* _About this task_
The entries must be set down again word for word; no pictures belong in the copy.

* _Dataset content_
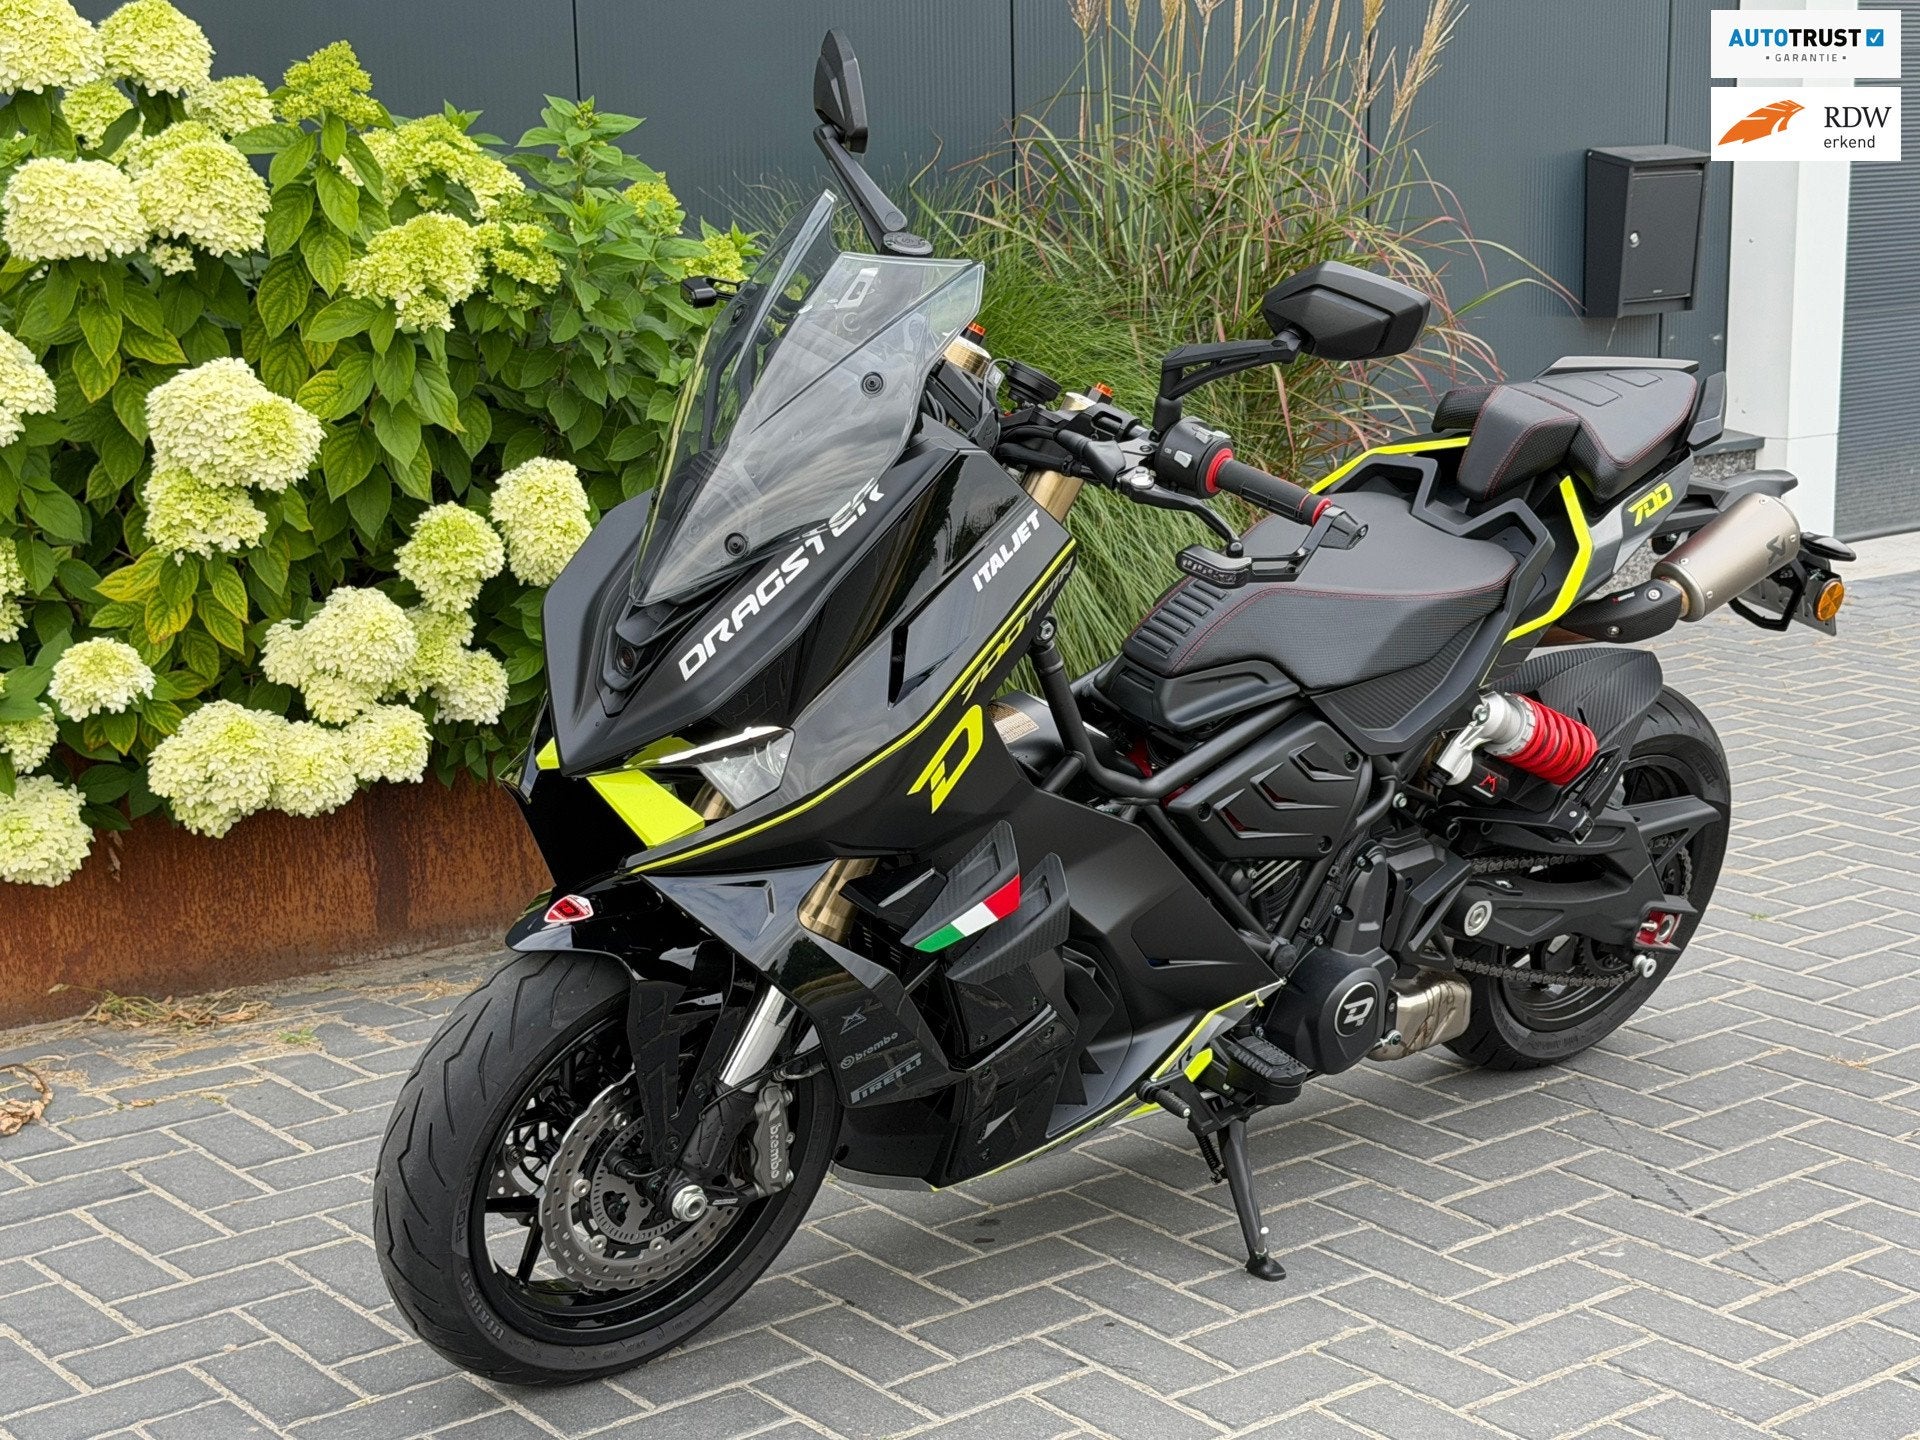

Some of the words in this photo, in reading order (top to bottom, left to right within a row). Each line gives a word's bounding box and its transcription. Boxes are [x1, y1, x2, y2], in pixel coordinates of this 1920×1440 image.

[1628, 482, 1674, 527] 700
[972, 509, 1041, 592] ITALJET
[678, 477, 884, 682] DRAGSTER
[854, 1032, 898, 1062] brembo
[850, 1052, 922, 1104] PIRELLI
[769, 1122, 783, 1179] brembo

* _Response box_
Some of the words in this photo, in reading order (top to bottom, left to right within a row). Each line gives a word's bounding box and its transcription. Boxes are [x1, y1, x2, y2], in pixel coordinates of this 1920×1440 image.

[1628, 482, 1674, 527] 700
[972, 509, 1041, 592] ITALJET
[678, 477, 884, 682] DRAGSTER
[854, 1032, 898, 1062] brembo
[850, 1052, 922, 1104] PIRELLI
[769, 1122, 783, 1179] brembo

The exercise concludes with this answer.